2. Linked to point number four: you're not going to China to stop eating it. Well, the few that actually do eat it regularly. It's cultural. It's like trying to tell you Americans that you should stop eating beef because of global warming.
3. There are so many other reasons why whales and dolphins are becoming extinct. It's not a case of one country eating it. Changes in ecosystems, bad fishing practices etc are pushing whales and dolphins to extinction.
4. I've explained it in 2.
5. Precisely.
6. You know, I don't think too many Chinese people believe or believed that anyway.
Yes, something needs to be done. But look at yourself first: what practices are my fishermen using that are harming them? What am I doing that could theoretically harm whale species? Let me give you a chain of things that could harm the numbers of whales:
1: You (and millions of others) do something that contributes to the greenhouse effect.
2: This warms up the seas ever so slightly.
3: Algae bloom.
4: Phytoplankton can no longer photosynthesise so easily so many die.
5: Zooplankton are deprived of one of their major sources of food, so they die as well.
6: Whales eat zooplankton, and with the reduction of zooplankton they struggle to find food. Many die.
I haven't seen the statistics, but I'm pretty sure that more whales die for less tangible reasons such as the one above than die from Japanese whaling.
Please note that I am myself an environmentalist. I want to preserve forests, seas and the air. I'd rather it if we lived in harmony with nature rather than just destroy it. But I come from a more Spiritual line of thought, so that may be where my views differ slightly.

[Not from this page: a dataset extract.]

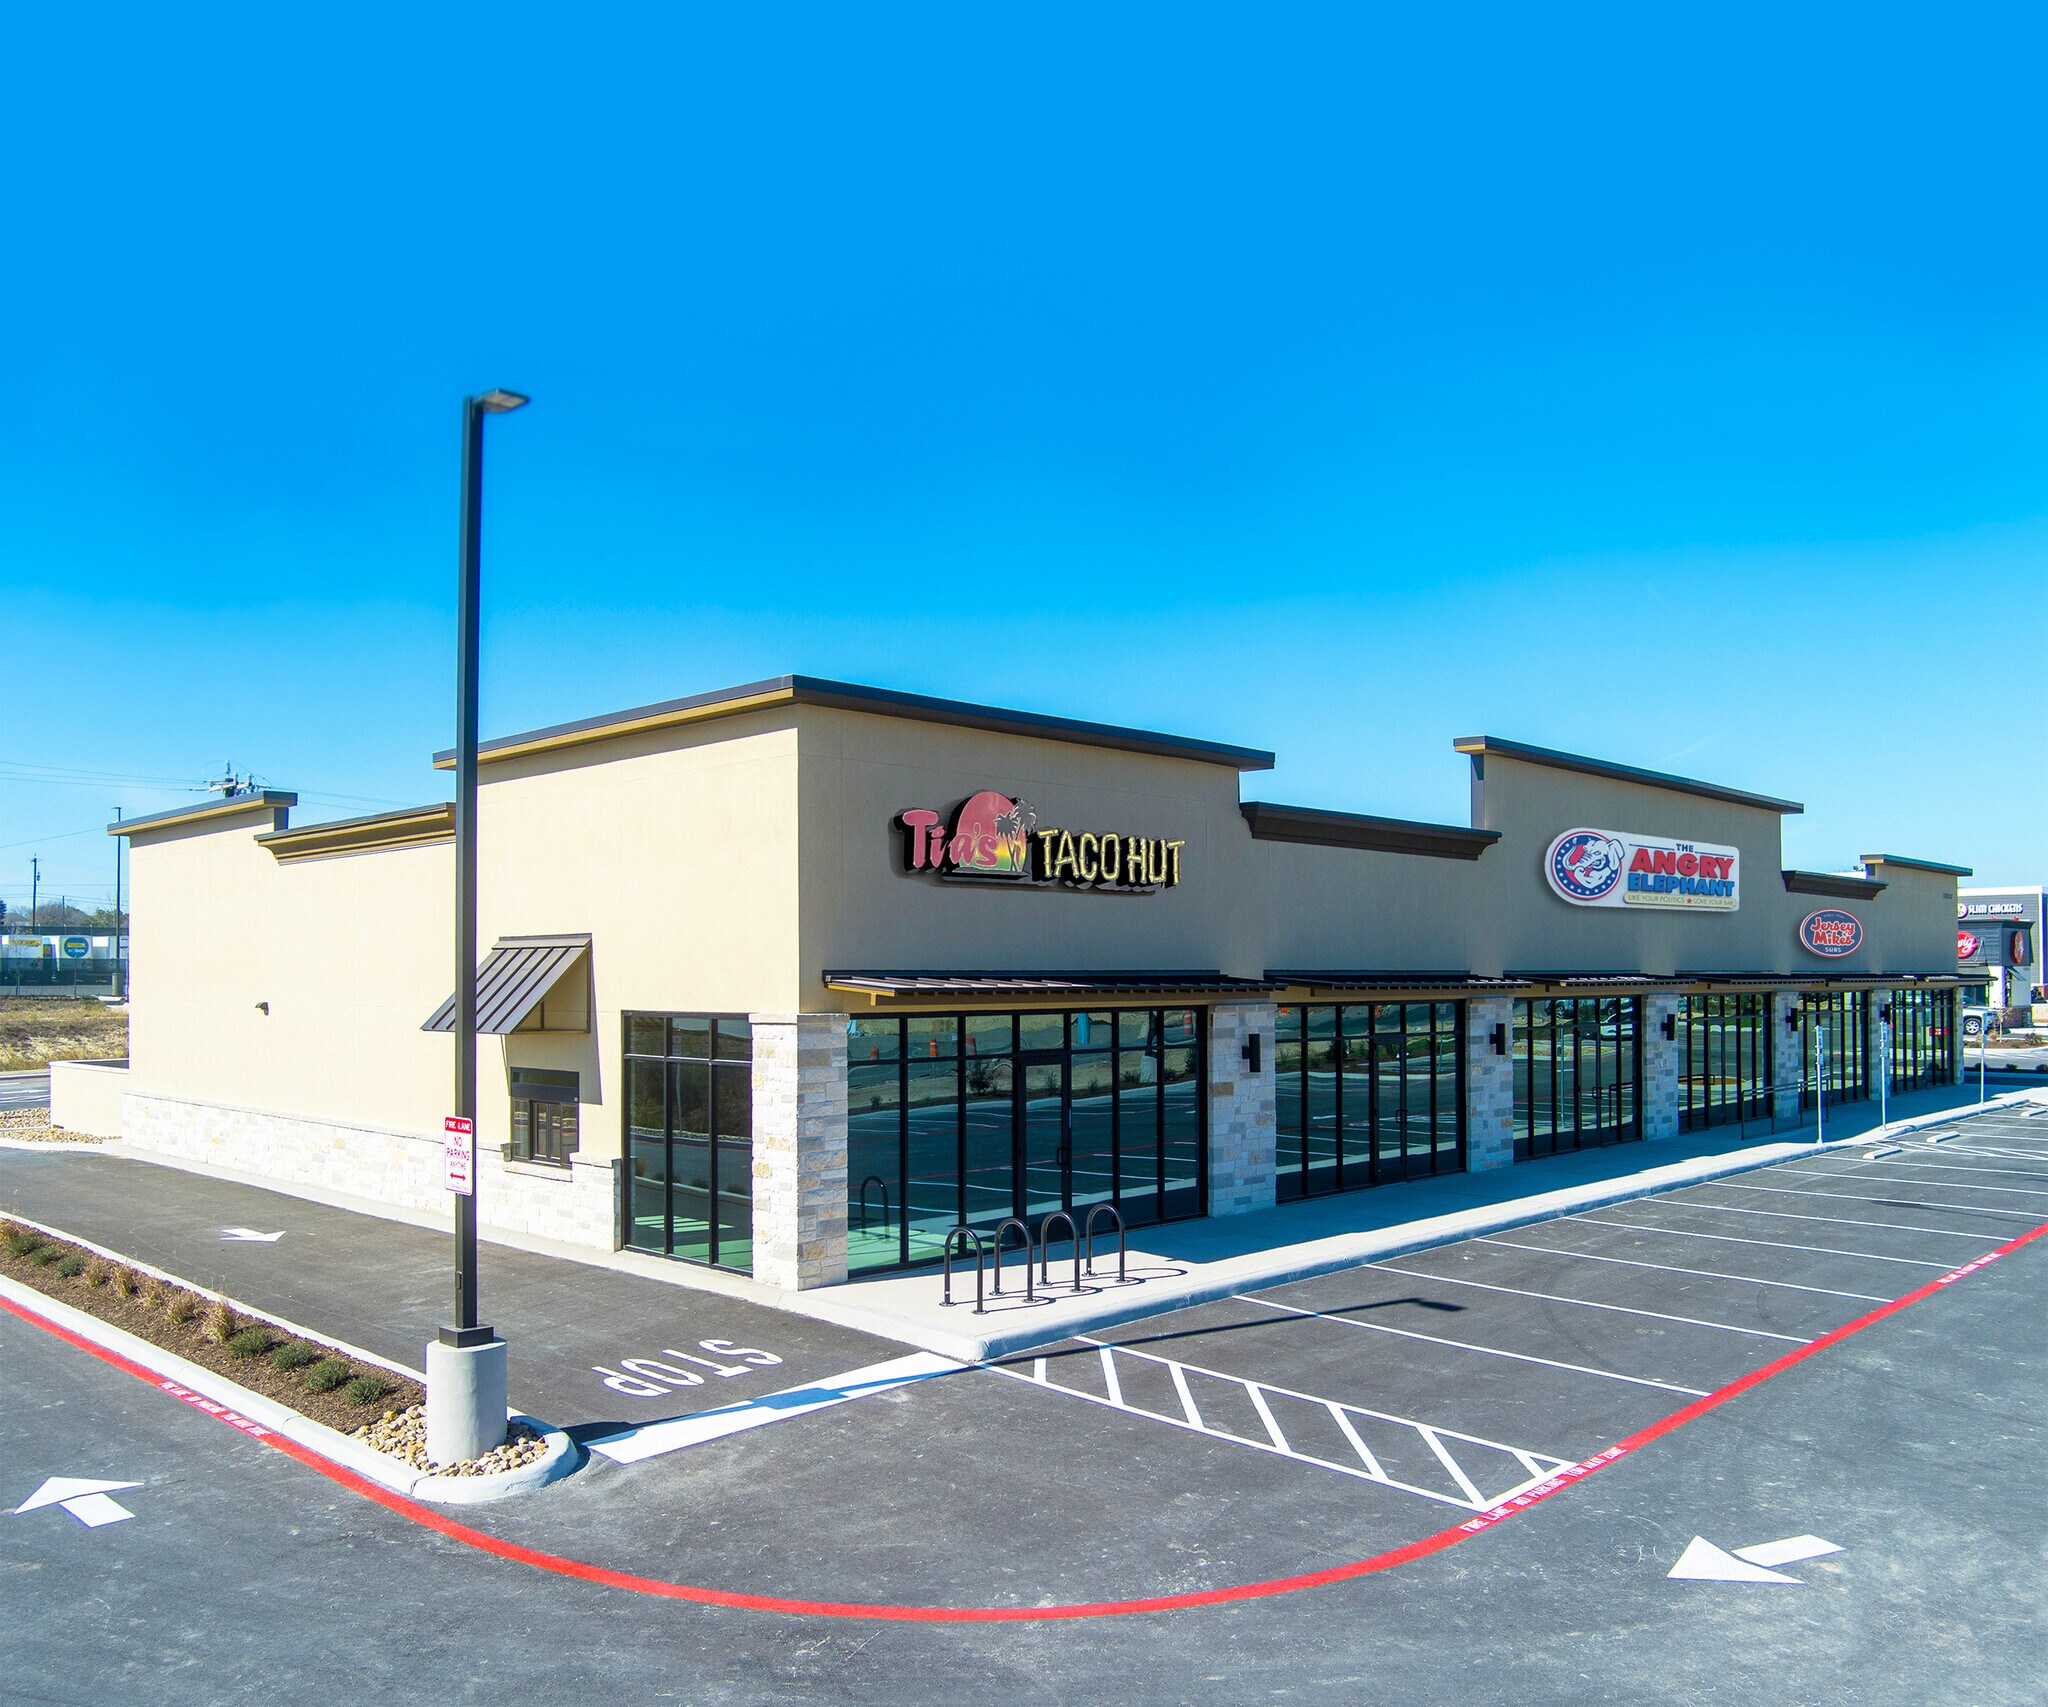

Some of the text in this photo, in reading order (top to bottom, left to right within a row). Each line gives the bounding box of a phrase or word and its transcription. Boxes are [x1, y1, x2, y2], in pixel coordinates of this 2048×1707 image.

It's this sort of deflection and evasive talk that allow the continuation of the problem in your country.
Again, let me break down your points in turn:
1. I've already covered this: You can have 1 in 100 remedies involve the use of a vital organ from an endangered animal and it's still going to result in a dead endangered animal to use that product and as you've already covered, in a massively overpopulated country like China, that demand is actually still then fairly large. It is causing animals to go extinct.
2. Red herring: Yes, global warming is bad, it's not what we're talking about, we're talking about your country's cultural needs for delicacies and hoodoo medicines bringing about the extinction of species across the world. You can point and say 'but these things are bad as well' and you'll still not have changed the fact that China is destroying species for wasteful and self indulgent reasons.
3. There is indeed ecological pressure on these species, that's why it would be a really smart move to stop eating them or rending them down for nonfuctional medicines!
4. No you didn't.
5. ?
6. Enough do to be making species across the world extinct and not enough of the Chinese who do not believe this are trying to stop them.
As to the rest of it, yes, all these other pressures are coming to bear on these species... so people need to stop eating them or turning them into aphrodisiacs or 'medicines'...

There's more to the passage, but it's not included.